11/23/2024

Steven Greenhut: Is California’s ‘Third Rail’ Still the Kiss of Death?

A union official was once reportedly asked what exactly it was that he wanted. The questioner was not talking about the goal in some particular political battle, but the end game. The union guy’s answer is one that anyone who “negotiates” with California’s voracious public-sector unions needs to keep in mind. What is it you ultimately want? The answer: “More.” That same answer could be offered by the Democratic leaders who run our state.

Session after session, California’s leaders find new taxes to raise. There’s never enough money to pay for all the social programs they desire — not just for the citizenry, but for anyone who might happen to be here legally or otherwise. Indeed, the single-payer healthcare proposal that actually passed the state Senate would have crushed the entire state budget, even by the Legislature’s own analysis. Any resident would be entitled to “free” medical care even if they wandered here last week. This would certainly have provided a new spin on the term “medical tourism.”

Someone needs to pay for this. And someone also needs to pay for all those six-figure public-employee salaries, pensions, and pension-spiking gimmicks. Someone needs to pay for throngs of highly paid Caltrans workers who, according to a state audit, have little to do. Someone also has to pay for a needless $68-billion high-speed rail system and that needless $17 billion project to bore twin tunnels underneath the California Delta and that needless mini state-based Social Security system that’s meant to deal with the common folks’ “pension envy.” (I know, legislators promise that the latter won’t burden taxpayers.) That someone is, of course, us.

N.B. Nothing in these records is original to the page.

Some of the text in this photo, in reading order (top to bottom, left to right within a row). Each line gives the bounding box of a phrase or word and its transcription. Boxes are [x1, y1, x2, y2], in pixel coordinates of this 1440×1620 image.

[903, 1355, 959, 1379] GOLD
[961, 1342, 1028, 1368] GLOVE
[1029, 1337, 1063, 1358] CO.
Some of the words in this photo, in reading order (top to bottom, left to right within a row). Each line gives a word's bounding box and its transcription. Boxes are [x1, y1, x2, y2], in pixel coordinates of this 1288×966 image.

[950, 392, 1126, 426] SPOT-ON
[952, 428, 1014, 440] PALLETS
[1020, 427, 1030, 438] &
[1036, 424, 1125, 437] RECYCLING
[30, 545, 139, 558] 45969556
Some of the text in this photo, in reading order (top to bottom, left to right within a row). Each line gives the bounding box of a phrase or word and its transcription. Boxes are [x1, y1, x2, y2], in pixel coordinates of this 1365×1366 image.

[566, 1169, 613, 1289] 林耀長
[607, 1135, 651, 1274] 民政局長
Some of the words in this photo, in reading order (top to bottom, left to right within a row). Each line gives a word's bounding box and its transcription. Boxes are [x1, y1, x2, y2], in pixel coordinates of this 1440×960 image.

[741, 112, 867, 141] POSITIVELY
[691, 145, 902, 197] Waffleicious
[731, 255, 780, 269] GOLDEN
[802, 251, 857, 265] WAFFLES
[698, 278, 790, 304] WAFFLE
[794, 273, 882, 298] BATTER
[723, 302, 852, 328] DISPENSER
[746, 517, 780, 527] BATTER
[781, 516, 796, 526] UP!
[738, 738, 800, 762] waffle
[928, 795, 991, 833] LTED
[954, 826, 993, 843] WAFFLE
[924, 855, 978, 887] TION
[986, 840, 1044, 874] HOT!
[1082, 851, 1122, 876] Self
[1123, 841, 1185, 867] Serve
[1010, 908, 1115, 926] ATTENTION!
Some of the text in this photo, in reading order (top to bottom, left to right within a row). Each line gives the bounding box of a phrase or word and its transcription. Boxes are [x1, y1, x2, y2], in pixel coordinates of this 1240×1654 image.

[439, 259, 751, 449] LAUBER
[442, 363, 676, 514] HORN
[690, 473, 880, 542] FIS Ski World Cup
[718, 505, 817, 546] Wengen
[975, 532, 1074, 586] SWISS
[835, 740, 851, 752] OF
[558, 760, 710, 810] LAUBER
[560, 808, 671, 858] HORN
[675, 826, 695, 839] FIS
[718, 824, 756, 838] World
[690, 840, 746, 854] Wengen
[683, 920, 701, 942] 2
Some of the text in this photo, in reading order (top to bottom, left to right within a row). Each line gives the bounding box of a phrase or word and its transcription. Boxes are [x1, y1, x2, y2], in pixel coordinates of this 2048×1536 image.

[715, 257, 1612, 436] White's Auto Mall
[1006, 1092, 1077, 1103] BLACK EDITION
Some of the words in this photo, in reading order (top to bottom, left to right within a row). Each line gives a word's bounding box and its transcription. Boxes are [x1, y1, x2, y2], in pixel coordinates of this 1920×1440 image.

California already has some of the highest tax rates in every conceivable category. We also have some of the very worst public services in the country, but that would never cause anyone in charge to say, “Hmm, I wonder why that’s so. Maybe more money won’t improve our roads and schools.” But such a statement would require the public official to believe that the purpose of all that spending is to actually provide public services. They just want more.